(Phrase grounding data)
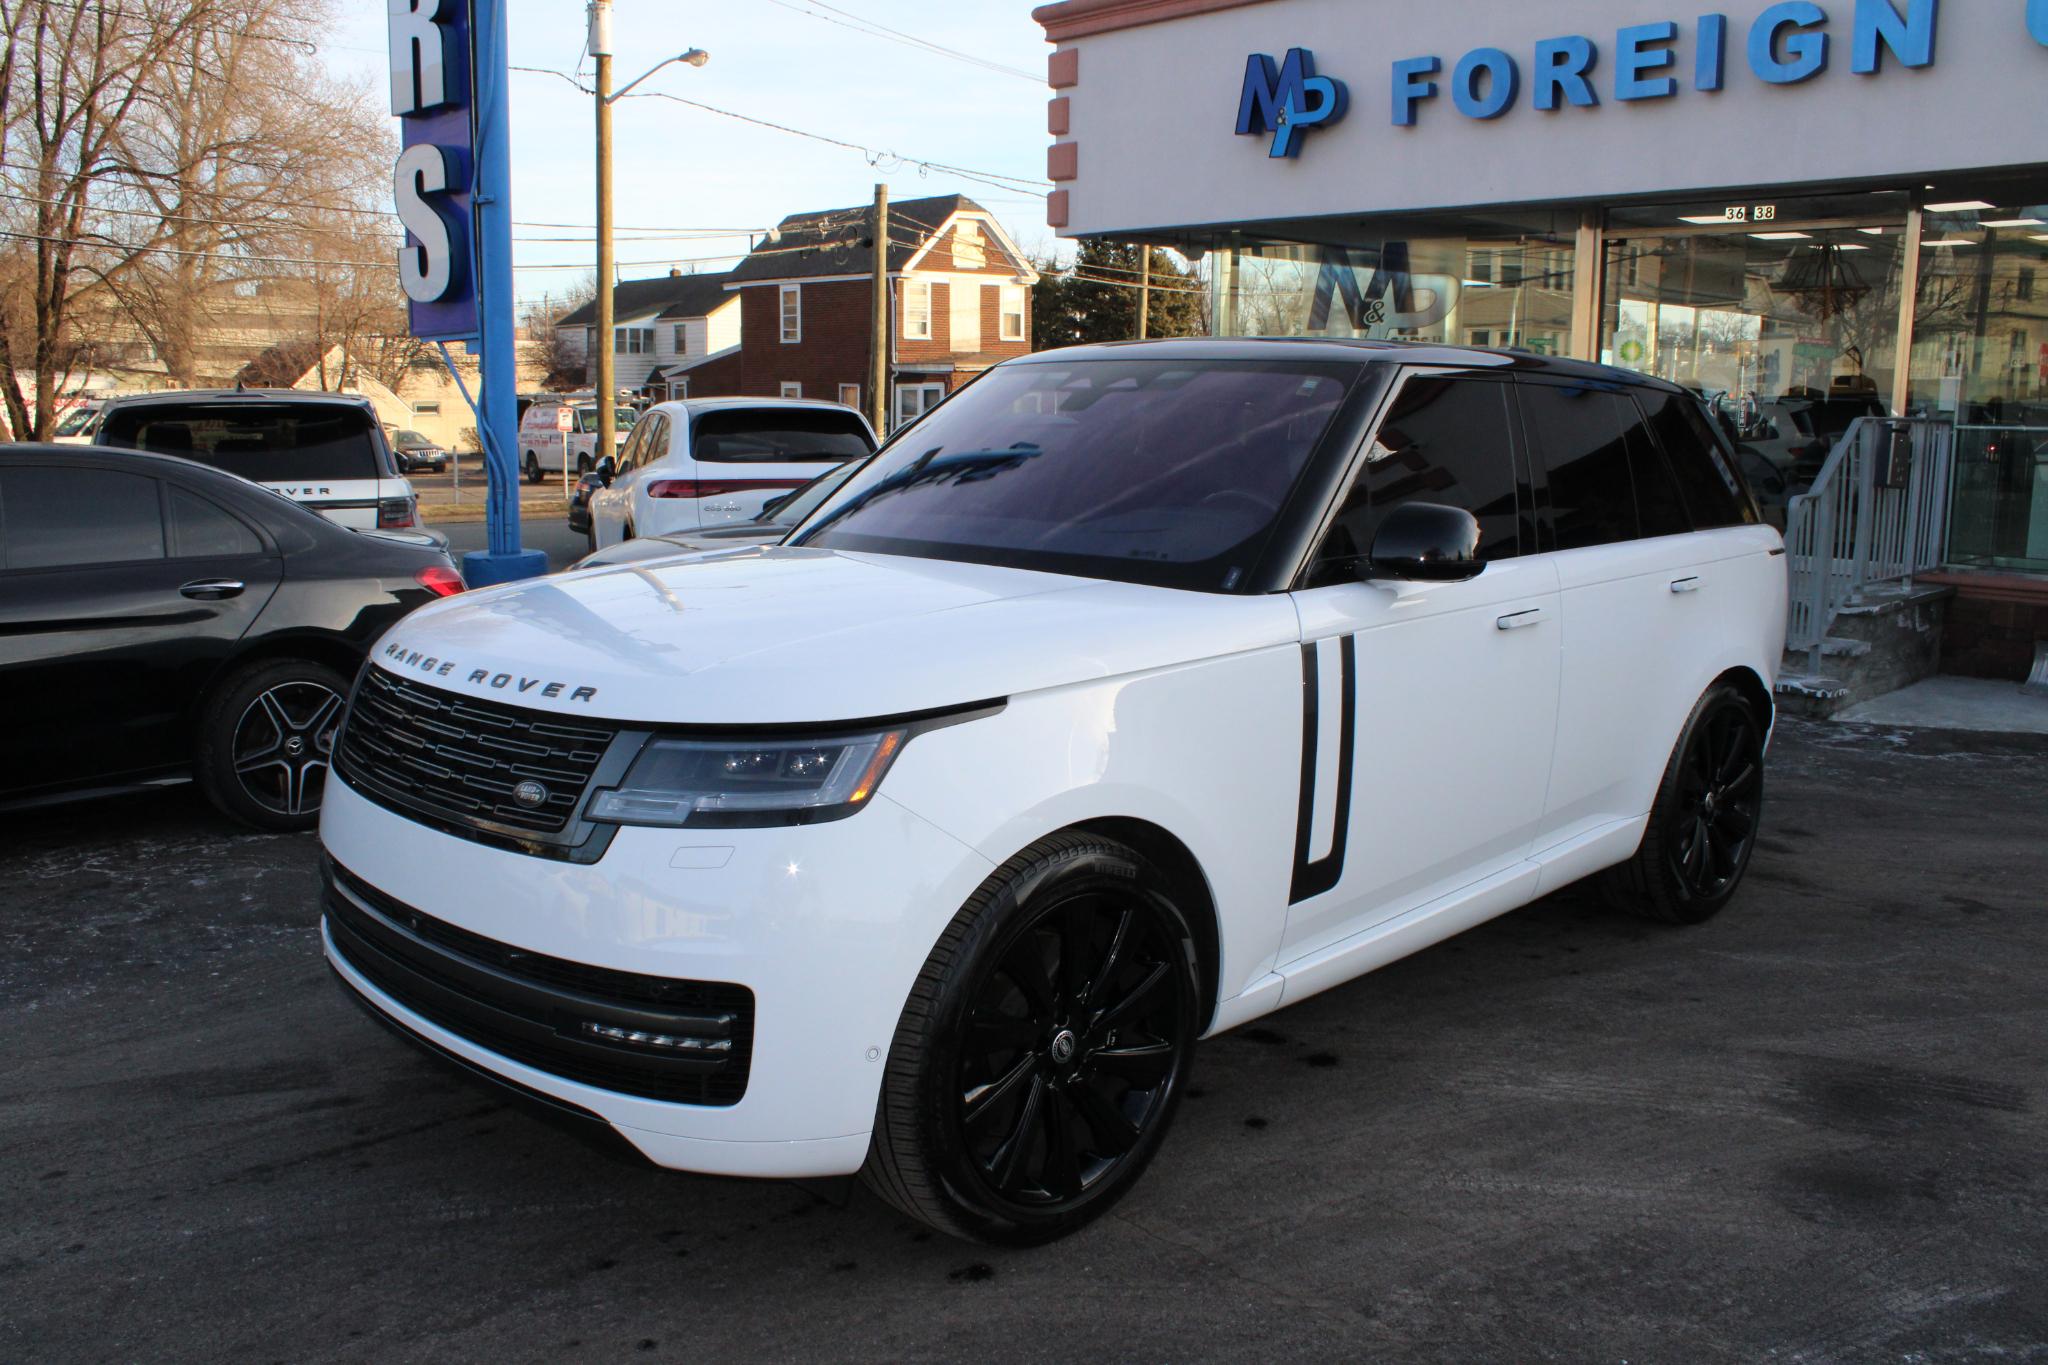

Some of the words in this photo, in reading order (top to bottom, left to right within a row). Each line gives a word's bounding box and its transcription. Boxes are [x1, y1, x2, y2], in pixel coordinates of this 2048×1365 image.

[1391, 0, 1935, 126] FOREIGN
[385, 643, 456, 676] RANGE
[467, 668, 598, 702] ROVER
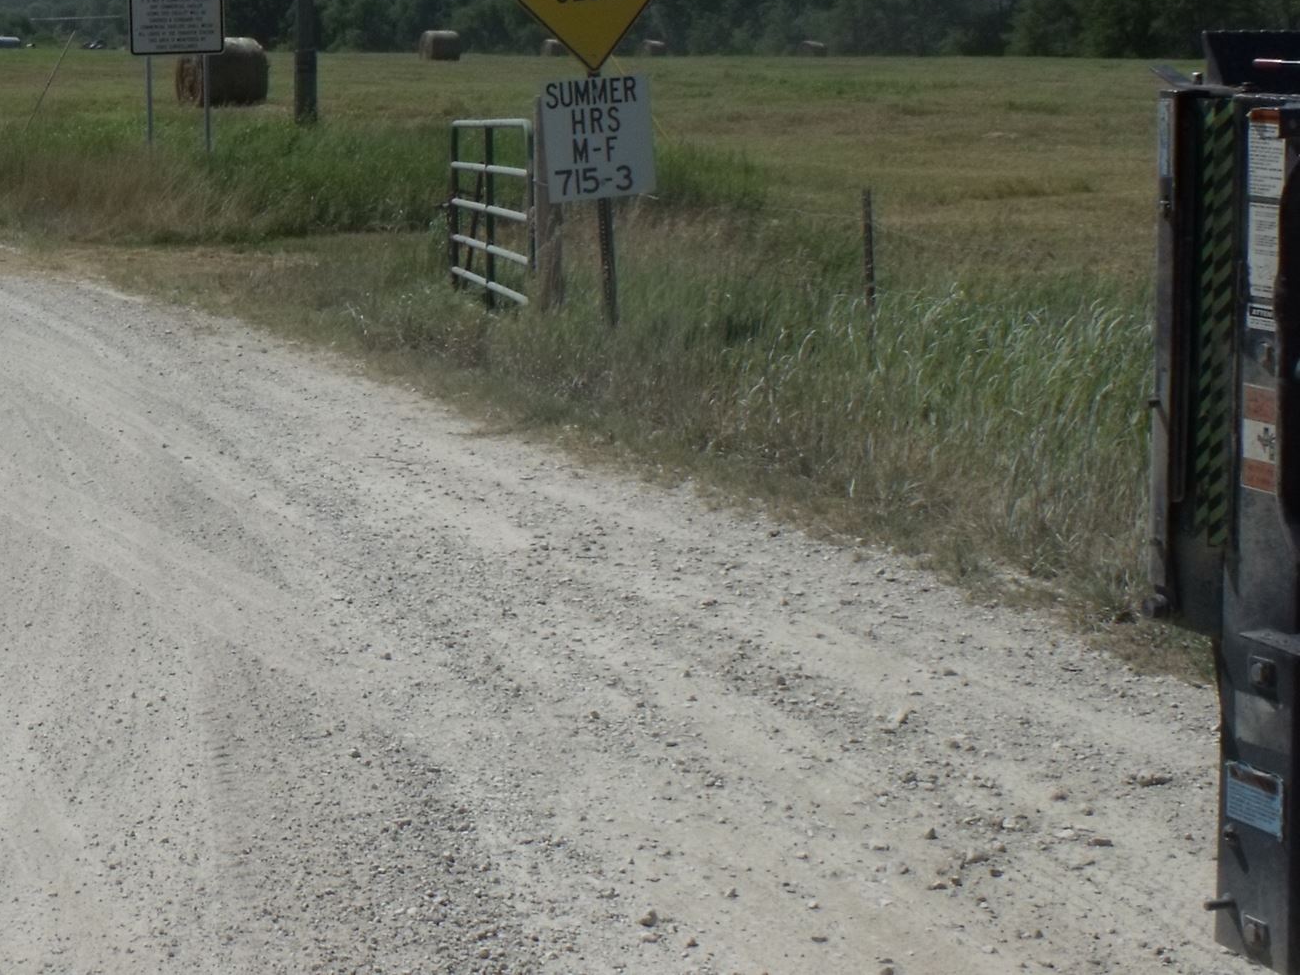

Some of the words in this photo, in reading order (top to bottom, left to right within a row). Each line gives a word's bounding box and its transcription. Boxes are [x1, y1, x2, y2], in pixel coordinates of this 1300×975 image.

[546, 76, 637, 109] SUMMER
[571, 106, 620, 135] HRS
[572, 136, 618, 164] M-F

Description of the task:
This exercise asks for an exact repeat of the lines from the one holding "this 1300×975 image." through the end of the data above.

Written response:
Some of the words in this photo, in reading order (top to bottom, left to right within a row). Each line gives a word's bounding box and its transcription. Boxes are [x1, y1, x2, y2], in pixel coordinates of this 1300×975 image.

[546, 76, 637, 109] SUMMER
[571, 106, 620, 135] HRS
[572, 136, 618, 164] M-F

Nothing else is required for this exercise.